WASHINGTON — The U.S. military carried out an attack Thursday on a boat suspected of smuggling drugs in the eastern Pacific Ocean, resulting in three deaths. The strike is part of an ongoing campaign by the Trump administration against individuals it labels as drug traffickers operating throughout Latin America.
With this latest strike, the total number of people killed in U.S. military boat attacks has climbed to at least 211 since the administration began going after those it refers to as “narcoterrorists” in early September.
Following the pattern of most military announcements regarding operations in the eastern Pacific Ocean and Caribbean Sea, U.S. Southern Command stated that the vessel was targeted along established drug smuggling corridors. However, the military did not provide evidence confirming the boat was actually carrying drugs. Footage shared on X showed the vessel moving rapidly through open water before being hit and engulfing in flames.
President Donald Trump has characterized the situation as an “armed conflict” between the United States and Latin American cartels, framing the attacks as a necessary step to reduce the flow of illegal drugs into the country and curb deadly overdoses among Americans. Despite that justification, the administration has provided little evidence to back up its assertions that those killed were “narcoterrorists.”
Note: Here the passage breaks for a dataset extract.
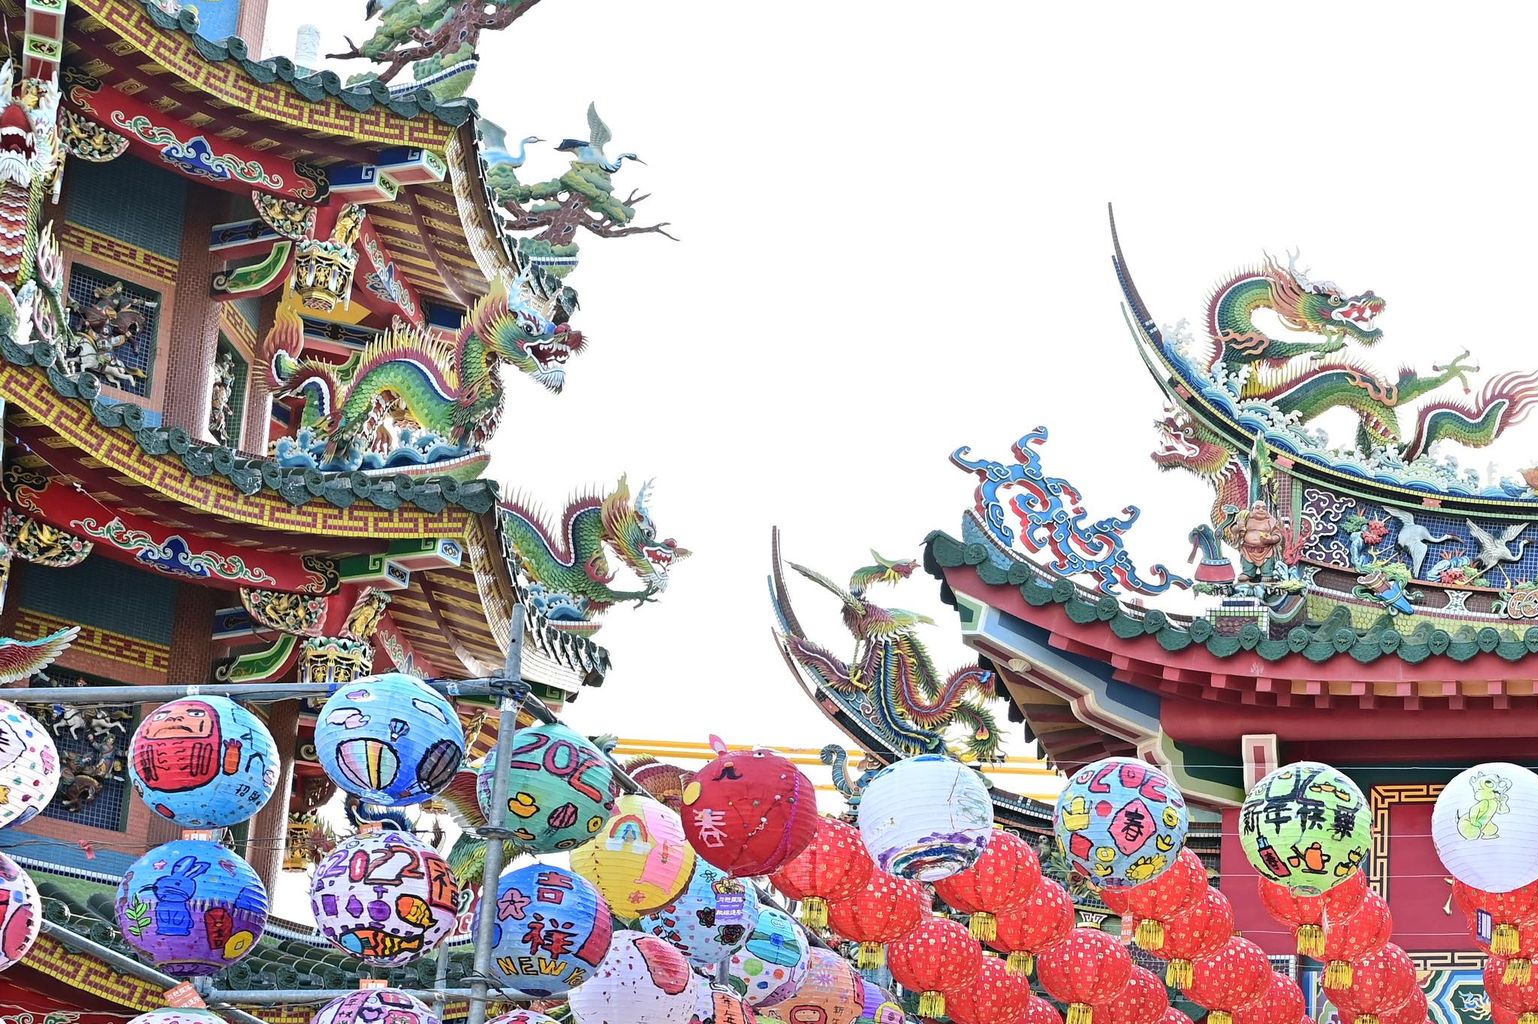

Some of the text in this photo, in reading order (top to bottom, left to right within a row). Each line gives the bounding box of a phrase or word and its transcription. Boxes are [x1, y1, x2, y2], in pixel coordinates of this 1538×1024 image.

The strikes have drawn criticism over both their legality and their actual impact. Skeptics point out that fentanyl — the drug responsible for a large share of overdose deaths — typically enters the U.S. by land through Mexico, where it is manufactured using chemicals sourced from China and India.
On Thursday, a group of U.S. senators called on the Pentagon to release “unedited video” of the attacks. Democratic lawmakers and scholars who specialize in military law have raised serious concerns about the strikes. The very first strike carried out in early September drew especially sharp criticism from some members of Congress and those who study the legal boundaries of military action.
That initial strike killed nine people aboard the vessel, but two survivors were left clinging to the wreckage — only to be killed when the boat was struck a second time. The White House defended the follow-up attack, saying it was carried out “in self-defense” to ensure the destruction of the vessel and that it complied with the laws of armed conflict.
Some legal scholars, however, argued that striking survivors a second time would have been unlawful regardless of whether the situation was classified as armed conflict.
The Pentagon’s internal watchdog announced in May that it intends to examine whether the military adhered to an established targeting process when conducting the strikes. The inspector general’s office clarified, though, that the review will focus specifically on what is known as the six-phase Joint Targeting Cycle — not on whether the strikes were legal.